Return each of the entries below precisely, with no pictures in the result.

====

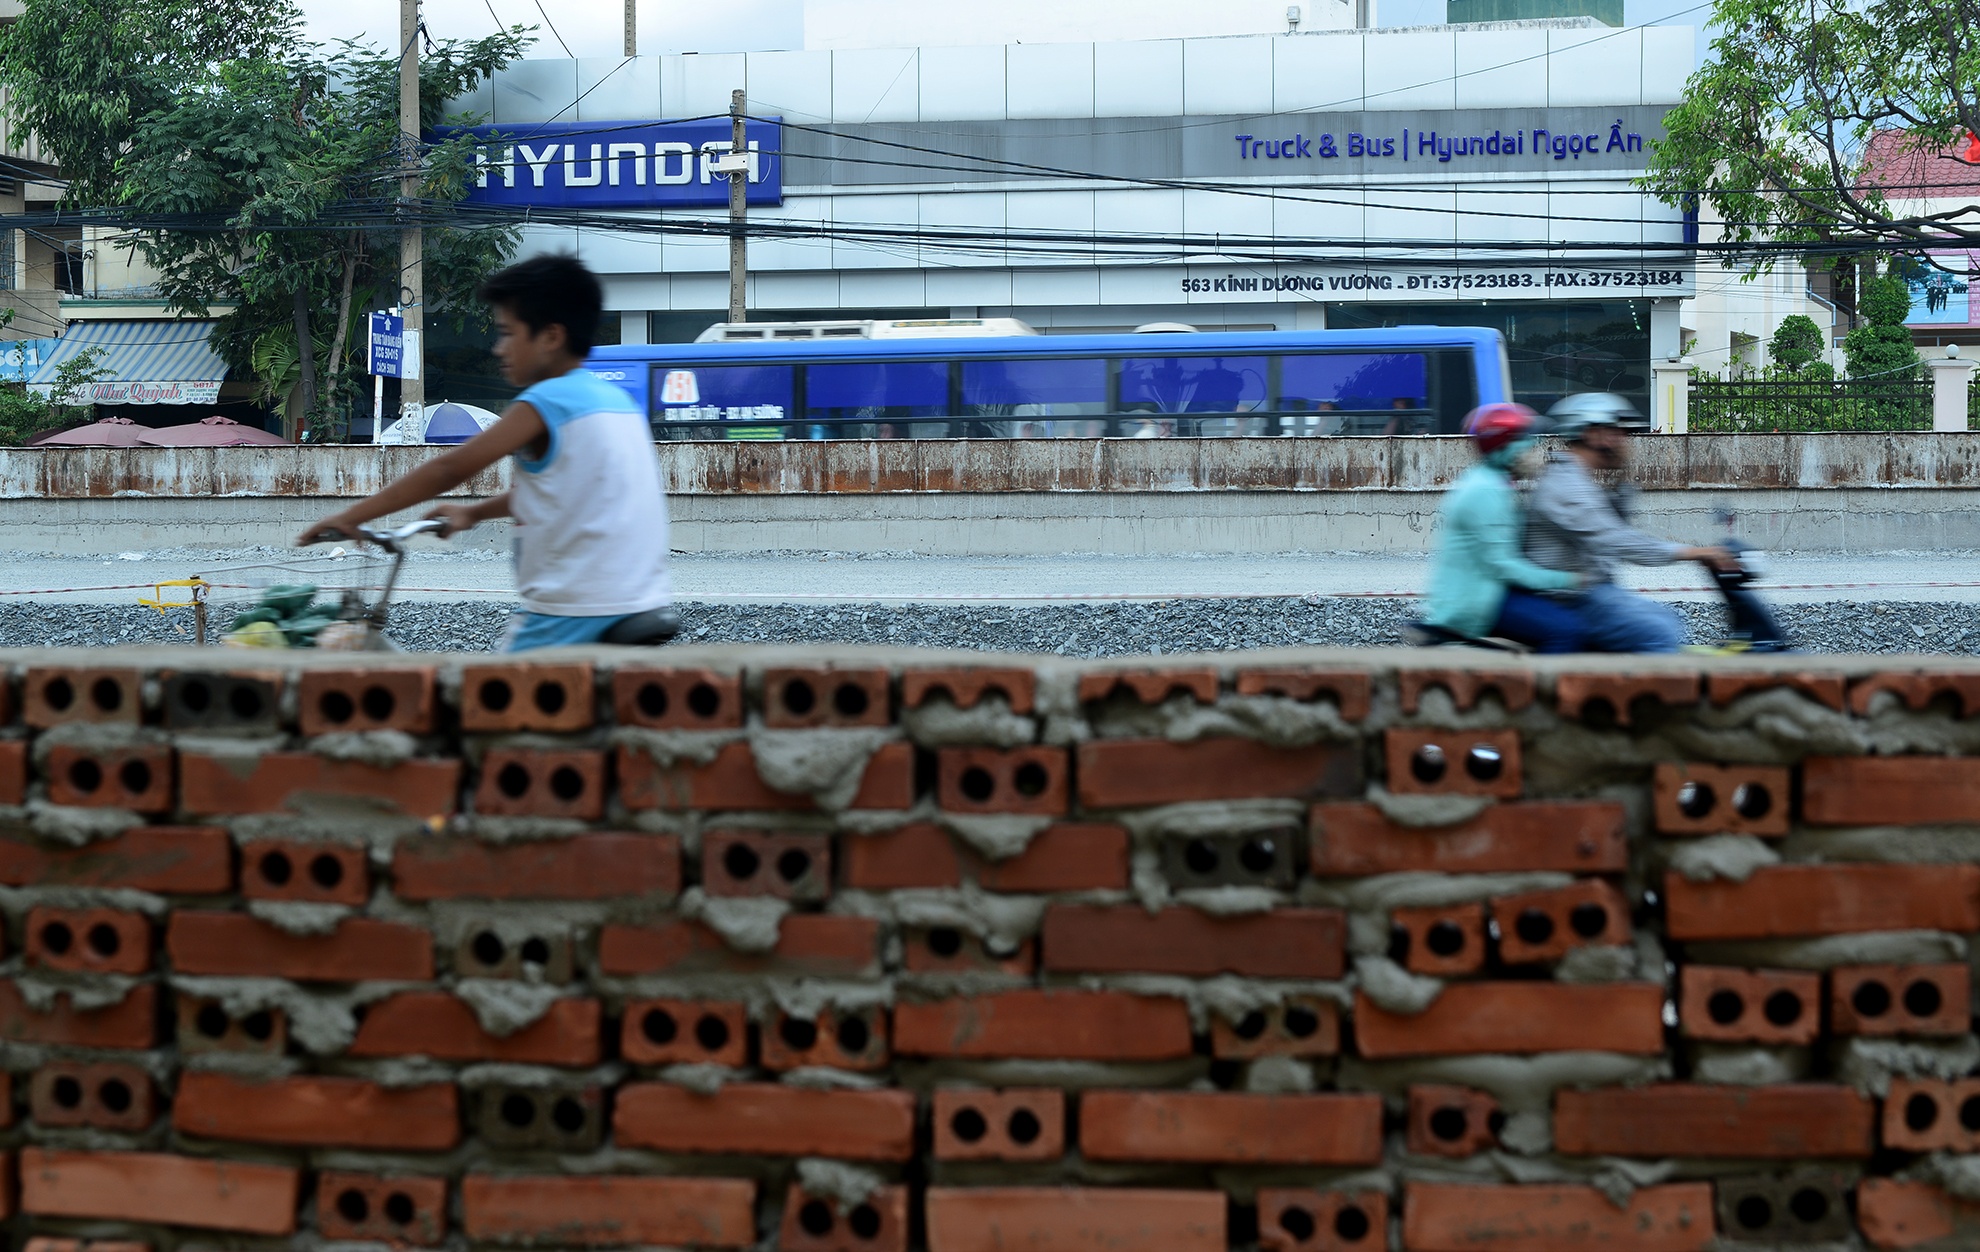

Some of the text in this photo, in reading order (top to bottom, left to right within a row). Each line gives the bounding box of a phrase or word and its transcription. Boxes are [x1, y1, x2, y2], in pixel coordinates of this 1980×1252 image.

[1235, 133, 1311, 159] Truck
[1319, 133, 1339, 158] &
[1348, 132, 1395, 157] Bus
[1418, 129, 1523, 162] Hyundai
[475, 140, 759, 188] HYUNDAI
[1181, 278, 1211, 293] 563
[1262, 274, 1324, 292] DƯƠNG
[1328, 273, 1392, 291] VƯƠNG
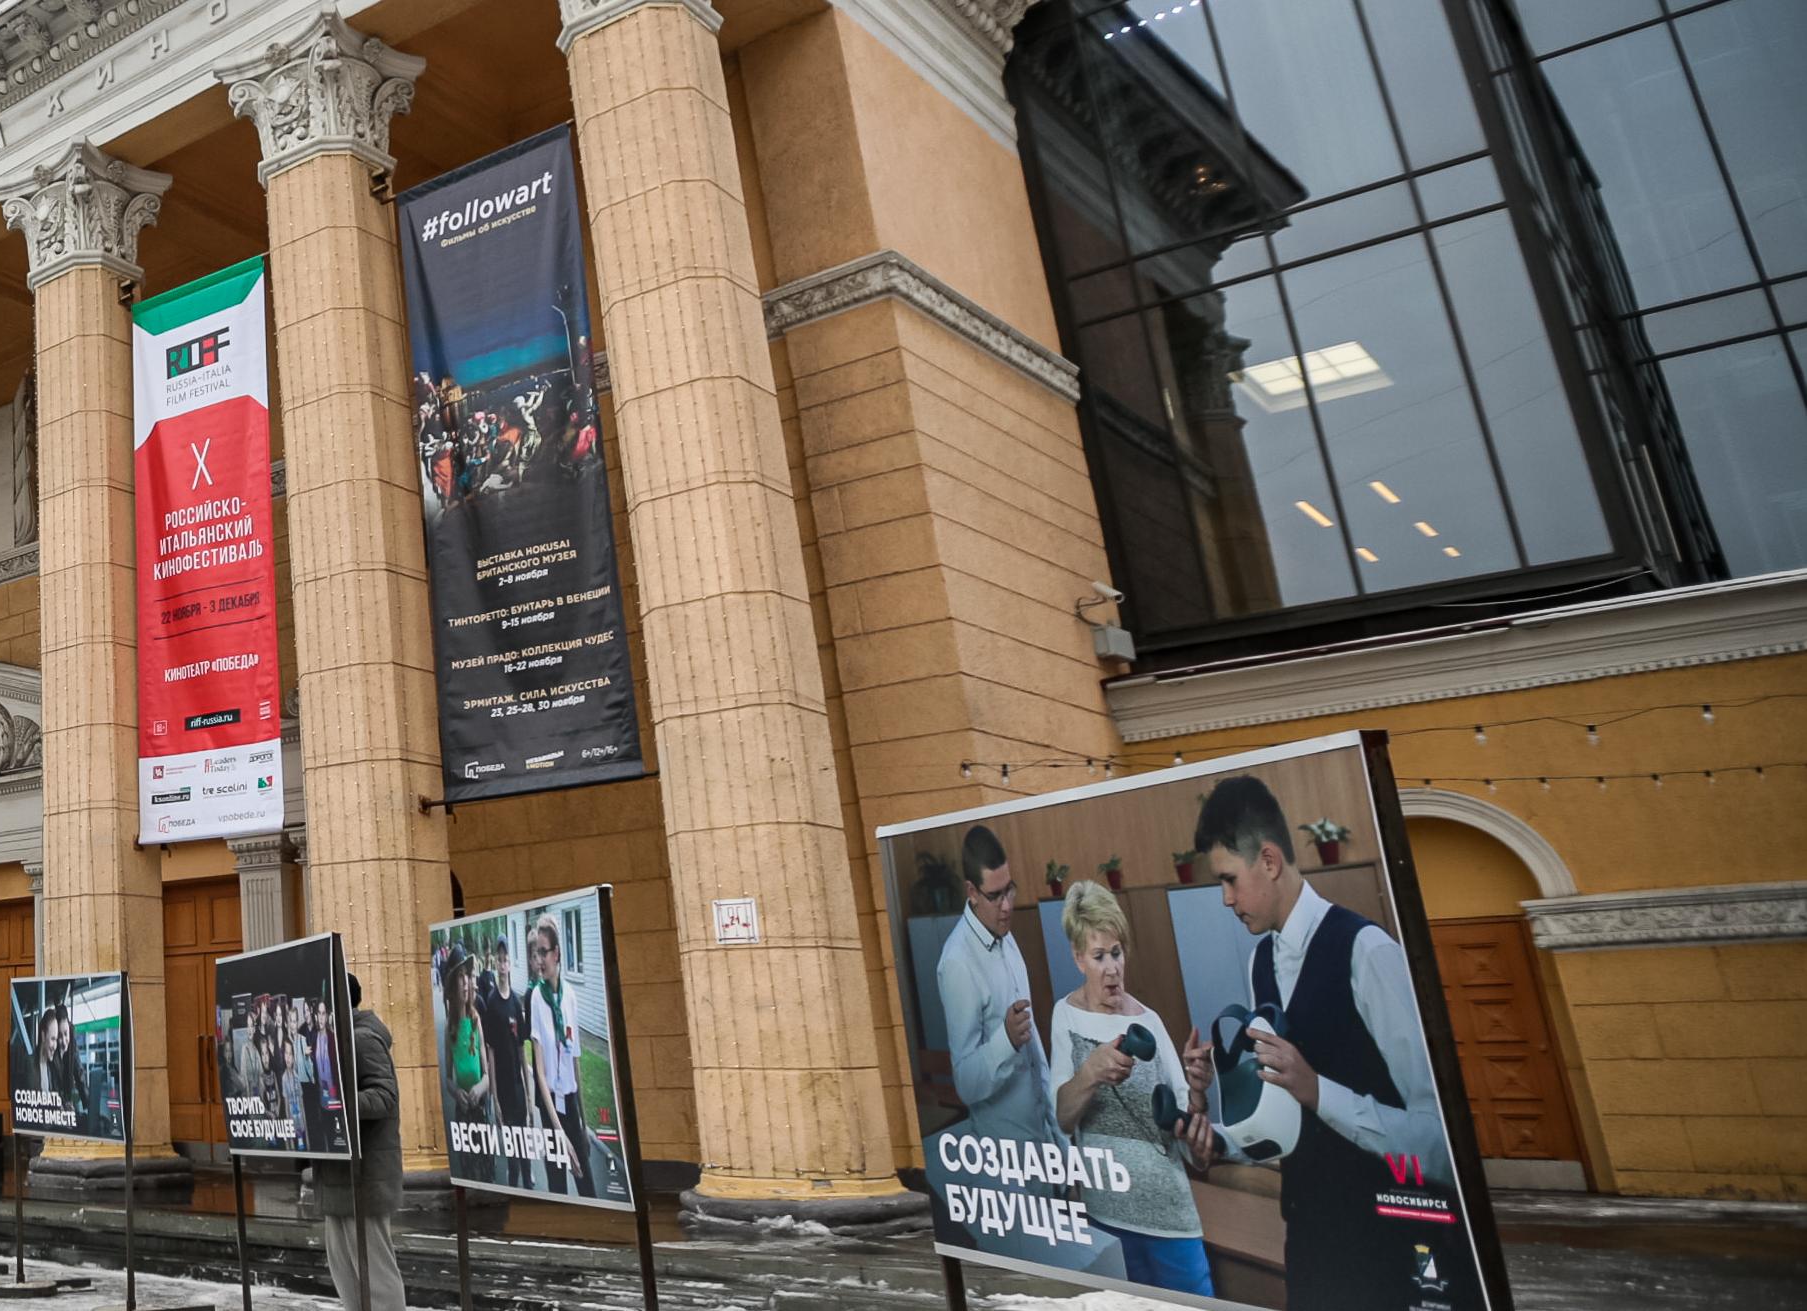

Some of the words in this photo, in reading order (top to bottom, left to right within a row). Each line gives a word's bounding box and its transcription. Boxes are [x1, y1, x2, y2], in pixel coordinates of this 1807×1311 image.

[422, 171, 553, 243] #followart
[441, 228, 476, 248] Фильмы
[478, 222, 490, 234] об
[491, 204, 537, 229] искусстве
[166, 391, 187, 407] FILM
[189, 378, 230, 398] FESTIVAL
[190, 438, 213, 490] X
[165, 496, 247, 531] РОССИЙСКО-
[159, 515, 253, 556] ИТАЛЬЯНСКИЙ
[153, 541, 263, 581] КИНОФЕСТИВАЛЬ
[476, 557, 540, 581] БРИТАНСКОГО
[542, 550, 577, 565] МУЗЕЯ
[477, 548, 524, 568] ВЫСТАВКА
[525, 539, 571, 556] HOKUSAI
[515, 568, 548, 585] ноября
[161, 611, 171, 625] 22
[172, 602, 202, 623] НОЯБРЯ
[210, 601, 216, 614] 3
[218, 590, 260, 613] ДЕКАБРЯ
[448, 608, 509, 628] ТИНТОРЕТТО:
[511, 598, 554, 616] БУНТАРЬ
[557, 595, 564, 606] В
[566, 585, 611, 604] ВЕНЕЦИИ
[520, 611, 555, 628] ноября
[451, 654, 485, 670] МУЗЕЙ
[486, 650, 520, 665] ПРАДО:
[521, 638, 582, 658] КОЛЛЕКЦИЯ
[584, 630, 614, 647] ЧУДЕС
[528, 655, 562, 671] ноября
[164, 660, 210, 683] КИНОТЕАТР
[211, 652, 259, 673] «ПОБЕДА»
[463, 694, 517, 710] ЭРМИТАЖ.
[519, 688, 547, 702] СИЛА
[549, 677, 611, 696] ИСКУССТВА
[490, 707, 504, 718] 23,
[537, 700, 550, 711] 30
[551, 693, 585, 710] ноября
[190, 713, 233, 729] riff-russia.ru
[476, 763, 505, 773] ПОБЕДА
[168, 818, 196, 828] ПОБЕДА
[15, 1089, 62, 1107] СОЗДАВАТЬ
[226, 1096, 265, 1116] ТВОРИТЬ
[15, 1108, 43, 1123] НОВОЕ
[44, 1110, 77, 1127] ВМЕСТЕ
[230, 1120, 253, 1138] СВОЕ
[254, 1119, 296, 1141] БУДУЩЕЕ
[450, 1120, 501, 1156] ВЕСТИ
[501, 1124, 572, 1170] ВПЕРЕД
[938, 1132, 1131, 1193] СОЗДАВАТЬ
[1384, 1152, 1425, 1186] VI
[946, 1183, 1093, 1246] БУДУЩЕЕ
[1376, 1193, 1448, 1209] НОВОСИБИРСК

====

### OUTPUT OF THE TASK
Some of the text in this photo, in reading order (top to bottom, left to right within a row). Each line gives the bounding box of a phrase or word and its transcription. Boxes are [x1, y1, x2, y2], in pixel coordinates of this 1980×1252 image.

[1235, 133, 1311, 159] Truck
[1319, 133, 1339, 158] &
[1348, 132, 1395, 157] Bus
[1418, 129, 1523, 162] Hyundai
[475, 140, 759, 188] HYUNDAI
[1181, 278, 1211, 293] 563
[1262, 274, 1324, 292] DƯƠNG
[1328, 273, 1392, 291] VƯƠNG

Some of the words in this photo, in reading order (top to bottom, left to right within a row). Each line gives a word's bounding box and its transcription. Boxes are [x1, y1, x2, y2], in pixel coordinates of this 1807×1311 image.

[422, 171, 553, 243] #followart
[441, 228, 476, 248] Фильмы
[478, 222, 490, 234] об
[491, 204, 537, 229] искусстве
[166, 391, 187, 407] FILM
[189, 378, 230, 398] FESTIVAL
[190, 438, 213, 490] X
[165, 496, 247, 531] РОССИЙСКО-
[159, 515, 253, 556] ИТАЛЬЯНСКИЙ
[153, 541, 263, 581] КИНОФЕСТИВАЛЬ
[476, 557, 540, 581] БРИТАНСКОГО
[542, 550, 577, 565] МУЗЕЯ
[477, 548, 524, 568] ВЫСТАВКА
[525, 539, 571, 556] HOKUSAI
[515, 568, 548, 585] ноября
[161, 611, 171, 625] 22
[172, 602, 202, 623] НОЯБРЯ
[210, 601, 216, 614] 3
[218, 590, 260, 613] ДЕКАБРЯ
[448, 608, 509, 628] ТИНТОРЕТТО:
[511, 598, 554, 616] БУНТАРЬ
[557, 595, 564, 606] В
[566, 585, 611, 604] ВЕНЕЦИИ
[520, 611, 555, 628] ноября
[451, 654, 485, 670] МУЗЕЙ
[486, 650, 520, 665] ПРАДО:
[521, 638, 582, 658] КОЛЛЕКЦИЯ
[584, 630, 614, 647] ЧУДЕС
[528, 655, 562, 671] ноября
[164, 660, 210, 683] КИНОТЕАТР
[211, 652, 259, 673] «ПОБЕДА»
[463, 694, 517, 710] ЭРМИТАЖ.
[519, 688, 547, 702] СИЛА
[549, 677, 611, 696] ИСКУССТВА
[490, 707, 504, 718] 23,
[537, 700, 550, 711] 30
[551, 693, 585, 710] ноября
[190, 713, 233, 729] riff-russia.ru
[476, 763, 505, 773] ПОБЕДА
[168, 818, 196, 828] ПОБЕДА
[15, 1089, 62, 1107] СОЗДАВАТЬ
[226, 1096, 265, 1116] ТВОРИТЬ
[15, 1108, 43, 1123] НОВОЕ
[44, 1110, 77, 1127] ВМЕСТЕ
[230, 1120, 253, 1138] СВОЕ
[254, 1119, 296, 1141] БУДУЩЕЕ
[450, 1120, 501, 1156] ВЕСТИ
[501, 1124, 572, 1170] ВПЕРЕД
[938, 1132, 1131, 1193] СОЗДАВАТЬ
[1384, 1152, 1425, 1186] VI
[946, 1183, 1093, 1246] БУДУЩЕЕ
[1376, 1193, 1448, 1209] НОВОСИБИРСК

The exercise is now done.